BRIEF:
Extract the listing below in full, unchanged.

ENTRIES SHOWN:
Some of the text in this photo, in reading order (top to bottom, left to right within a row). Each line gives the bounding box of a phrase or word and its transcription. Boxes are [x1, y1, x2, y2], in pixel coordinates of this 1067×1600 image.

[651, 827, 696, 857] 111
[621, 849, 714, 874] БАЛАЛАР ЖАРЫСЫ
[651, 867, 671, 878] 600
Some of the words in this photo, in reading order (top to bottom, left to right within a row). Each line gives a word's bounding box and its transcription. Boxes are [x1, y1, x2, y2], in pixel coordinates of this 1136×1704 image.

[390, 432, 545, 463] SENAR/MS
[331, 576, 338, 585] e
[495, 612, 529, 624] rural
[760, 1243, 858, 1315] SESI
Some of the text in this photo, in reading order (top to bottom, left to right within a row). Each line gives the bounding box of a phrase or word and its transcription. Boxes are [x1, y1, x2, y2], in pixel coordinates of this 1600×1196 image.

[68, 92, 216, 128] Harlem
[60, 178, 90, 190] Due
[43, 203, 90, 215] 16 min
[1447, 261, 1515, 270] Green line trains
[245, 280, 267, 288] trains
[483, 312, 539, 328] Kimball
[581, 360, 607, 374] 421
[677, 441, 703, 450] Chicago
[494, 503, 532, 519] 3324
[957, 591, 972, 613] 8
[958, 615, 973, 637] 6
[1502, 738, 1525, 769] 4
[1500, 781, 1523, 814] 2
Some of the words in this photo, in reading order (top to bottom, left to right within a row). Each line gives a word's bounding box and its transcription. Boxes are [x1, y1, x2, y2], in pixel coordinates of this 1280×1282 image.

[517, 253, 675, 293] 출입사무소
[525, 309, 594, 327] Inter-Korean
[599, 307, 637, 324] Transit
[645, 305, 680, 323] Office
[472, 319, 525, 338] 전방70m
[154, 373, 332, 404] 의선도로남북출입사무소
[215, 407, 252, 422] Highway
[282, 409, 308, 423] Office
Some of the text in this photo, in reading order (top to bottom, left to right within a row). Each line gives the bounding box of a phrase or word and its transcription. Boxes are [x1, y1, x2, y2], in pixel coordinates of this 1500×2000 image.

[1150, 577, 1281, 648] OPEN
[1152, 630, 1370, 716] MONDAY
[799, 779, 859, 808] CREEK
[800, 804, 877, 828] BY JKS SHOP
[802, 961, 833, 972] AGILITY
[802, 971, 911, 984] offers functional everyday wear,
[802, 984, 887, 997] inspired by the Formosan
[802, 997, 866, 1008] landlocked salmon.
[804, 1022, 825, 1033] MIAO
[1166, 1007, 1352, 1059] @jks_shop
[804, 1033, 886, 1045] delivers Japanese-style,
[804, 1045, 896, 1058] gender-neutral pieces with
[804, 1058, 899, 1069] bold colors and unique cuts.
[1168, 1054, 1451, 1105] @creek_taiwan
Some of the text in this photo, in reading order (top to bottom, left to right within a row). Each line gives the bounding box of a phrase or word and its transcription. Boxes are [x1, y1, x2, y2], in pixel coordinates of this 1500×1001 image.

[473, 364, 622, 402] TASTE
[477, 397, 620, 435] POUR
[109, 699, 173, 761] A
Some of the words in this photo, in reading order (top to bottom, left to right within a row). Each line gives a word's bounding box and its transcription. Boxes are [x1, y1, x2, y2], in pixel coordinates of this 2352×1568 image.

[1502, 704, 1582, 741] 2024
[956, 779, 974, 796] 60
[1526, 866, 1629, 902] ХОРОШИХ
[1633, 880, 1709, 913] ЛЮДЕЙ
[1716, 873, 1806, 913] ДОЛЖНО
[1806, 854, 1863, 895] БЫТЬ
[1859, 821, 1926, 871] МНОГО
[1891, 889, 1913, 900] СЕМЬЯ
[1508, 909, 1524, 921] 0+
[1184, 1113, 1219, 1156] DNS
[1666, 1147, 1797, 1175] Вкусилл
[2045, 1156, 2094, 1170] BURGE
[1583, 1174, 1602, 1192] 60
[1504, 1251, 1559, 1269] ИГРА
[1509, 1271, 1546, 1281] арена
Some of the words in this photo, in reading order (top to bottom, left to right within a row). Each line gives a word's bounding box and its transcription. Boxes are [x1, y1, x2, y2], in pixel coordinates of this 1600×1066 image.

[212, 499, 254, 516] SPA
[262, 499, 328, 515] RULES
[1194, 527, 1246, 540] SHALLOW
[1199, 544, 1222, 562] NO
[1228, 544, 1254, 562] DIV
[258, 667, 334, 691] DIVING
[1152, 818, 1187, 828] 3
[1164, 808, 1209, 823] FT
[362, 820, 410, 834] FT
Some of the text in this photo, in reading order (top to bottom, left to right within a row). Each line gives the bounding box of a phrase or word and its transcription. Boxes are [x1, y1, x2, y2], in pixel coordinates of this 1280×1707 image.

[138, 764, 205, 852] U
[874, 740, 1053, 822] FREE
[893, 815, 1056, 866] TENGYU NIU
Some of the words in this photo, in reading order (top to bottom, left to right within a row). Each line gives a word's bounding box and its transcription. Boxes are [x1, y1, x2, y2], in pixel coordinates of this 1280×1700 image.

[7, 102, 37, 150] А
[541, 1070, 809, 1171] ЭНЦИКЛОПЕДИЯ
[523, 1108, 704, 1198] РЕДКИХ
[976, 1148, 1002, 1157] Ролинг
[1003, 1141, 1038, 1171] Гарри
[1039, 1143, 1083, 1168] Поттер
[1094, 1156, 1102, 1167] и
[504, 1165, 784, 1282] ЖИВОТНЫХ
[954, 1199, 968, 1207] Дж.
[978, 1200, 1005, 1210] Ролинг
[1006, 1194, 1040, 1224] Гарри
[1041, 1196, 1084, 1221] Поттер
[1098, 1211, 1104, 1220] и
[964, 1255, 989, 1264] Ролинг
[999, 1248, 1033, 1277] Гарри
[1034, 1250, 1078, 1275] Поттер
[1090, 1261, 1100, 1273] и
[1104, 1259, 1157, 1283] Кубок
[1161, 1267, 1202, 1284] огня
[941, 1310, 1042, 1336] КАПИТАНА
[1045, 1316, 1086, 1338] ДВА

RESULT OF THE EXERCISE:
Some of the text in this photo, in reading order (top to bottom, left to right within a row). Each line gives the bounding box of a phrase or word and its transcription. Boxes are [x1, y1, x2, y2], in pixel coordinates of this 1067×1600 image.

[651, 827, 696, 857] 111
[621, 849, 714, 874] БАЛАЛАР ЖАРЫСЫ
[651, 867, 671, 878] 600
Some of the words in this photo, in reading order (top to bottom, left to right within a row). Each line gives a word's bounding box and its transcription. Boxes are [x1, y1, x2, y2], in pixel coordinates of this 1136×1704 image.

[390, 432, 545, 463] SENAR/MS
[331, 576, 338, 585] e
[495, 612, 529, 624] rural
[760, 1243, 858, 1315] SESI
Some of the text in this photo, in reading order (top to bottom, left to right within a row). Each line gives the bounding box of a phrase or word and its transcription. Boxes are [x1, y1, x2, y2], in pixel coordinates of this 1600×1196 image.

[68, 92, 216, 128] Harlem
[60, 178, 90, 190] Due
[43, 203, 90, 215] 16 min
[1447, 261, 1515, 270] Green line trains
[245, 280, 267, 288] trains
[483, 312, 539, 328] Kimball
[581, 360, 607, 374] 421
[677, 441, 703, 450] Chicago
[494, 503, 532, 519] 3324
[957, 591, 972, 613] 8
[958, 615, 973, 637] 6
[1502, 738, 1525, 769] 4
[1500, 781, 1523, 814] 2
Some of the words in this photo, in reading order (top to bottom, left to right within a row). Each line gives a word's bounding box and its transcription. Boxes are [x1, y1, x2, y2], in pixel coordinates of this 1280×1282 image.

[517, 253, 675, 293] 출입사무소
[525, 309, 594, 327] Inter-Korean
[599, 307, 637, 324] Transit
[645, 305, 680, 323] Office
[472, 319, 525, 338] 전방70m
[154, 373, 332, 404] 의선도로남북출입사무소
[215, 407, 252, 422] Highway
[282, 409, 308, 423] Office
Some of the text in this photo, in reading order (top to bottom, left to right within a row). Each line gives the bounding box of a phrase or word and its transcription. Boxes are [x1, y1, x2, y2], in pixel coordinates of this 1500×2000 image.

[1150, 577, 1281, 648] OPEN
[1152, 630, 1370, 716] MONDAY
[799, 779, 859, 808] CREEK
[800, 804, 877, 828] BY JKS SHOP
[802, 961, 833, 972] AGILITY
[802, 971, 911, 984] offers functional everyday wear,
[802, 984, 887, 997] inspired by the Formosan
[802, 997, 866, 1008] landlocked salmon.
[804, 1022, 825, 1033] MIAO
[1166, 1007, 1352, 1059] @jks_shop
[804, 1033, 886, 1045] delivers Japanese-style,
[804, 1045, 896, 1058] gender-neutral pieces with
[804, 1058, 899, 1069] bold colors and unique cuts.
[1168, 1054, 1451, 1105] @creek_taiwan
Some of the text in this photo, in reading order (top to bottom, left to right within a row). Each line gives the bounding box of a phrase or word and its transcription. Boxes are [x1, y1, x2, y2], in pixel coordinates of this 1500×1001 image.

[473, 364, 622, 402] TASTE
[477, 397, 620, 435] POUR
[109, 699, 173, 761] A
Some of the words in this photo, in reading order (top to bottom, left to right within a row). Each line gives a word's bounding box and its transcription. Boxes are [x1, y1, x2, y2], in pixel coordinates of this 2352×1568 image.

[1502, 704, 1582, 741] 2024
[956, 779, 974, 796] 60
[1526, 866, 1629, 902] ХОРОШИХ
[1633, 880, 1709, 913] ЛЮДЕЙ
[1716, 873, 1806, 913] ДОЛЖНО
[1806, 854, 1863, 895] БЫТЬ
[1859, 821, 1926, 871] МНОГО
[1891, 889, 1913, 900] СЕМЬЯ
[1508, 909, 1524, 921] 0+
[1184, 1113, 1219, 1156] DNS
[1666, 1147, 1797, 1175] Вкусилл
[2045, 1156, 2094, 1170] BURGE
[1583, 1174, 1602, 1192] 60
[1504, 1251, 1559, 1269] ИГРА
[1509, 1271, 1546, 1281] арена
Some of the words in this photo, in reading order (top to bottom, left to right within a row). Each line gives a word's bounding box and its transcription. Boxes are [x1, y1, x2, y2], in pixel coordinates of this 1600×1066 image.

[212, 499, 254, 516] SPA
[262, 499, 328, 515] RULES
[1194, 527, 1246, 540] SHALLOW
[1199, 544, 1222, 562] NO
[1228, 544, 1254, 562] DIV
[258, 667, 334, 691] DIVING
[1152, 818, 1187, 828] 3
[1164, 808, 1209, 823] FT
[362, 820, 410, 834] FT
Some of the text in this photo, in reading order (top to bottom, left to right within a row). Each line gives the bounding box of a phrase or word and its transcription. Boxes are [x1, y1, x2, y2], in pixel coordinates of this 1280×1707 image.

[138, 764, 205, 852] U
[874, 740, 1053, 822] FREE
[893, 815, 1056, 866] TENGYU NIU
Some of the words in this photo, in reading order (top to bottom, left to right within a row). Each line gives a word's bounding box and its transcription. Boxes are [x1, y1, x2, y2], in pixel coordinates of this 1280×1700 image.

[7, 102, 37, 150] А
[541, 1070, 809, 1171] ЭНЦИКЛОПЕДИЯ
[523, 1108, 704, 1198] РЕДКИХ
[976, 1148, 1002, 1157] Ролинг
[1003, 1141, 1038, 1171] Гарри
[1039, 1143, 1083, 1168] Поттер
[1094, 1156, 1102, 1167] и
[504, 1165, 784, 1282] ЖИВОТНЫХ
[954, 1199, 968, 1207] Дж.
[978, 1200, 1005, 1210] Ролинг
[1006, 1194, 1040, 1224] Гарри
[1041, 1196, 1084, 1221] Поттер
[1098, 1211, 1104, 1220] и
[964, 1255, 989, 1264] Ролинг
[999, 1248, 1033, 1277] Гарри
[1034, 1250, 1078, 1275] Поттер
[1090, 1261, 1100, 1273] и
[1104, 1259, 1157, 1283] Кубок
[1161, 1267, 1202, 1284] огня
[941, 1310, 1042, 1336] КАПИТАНА
[1045, 1316, 1086, 1338] ДВА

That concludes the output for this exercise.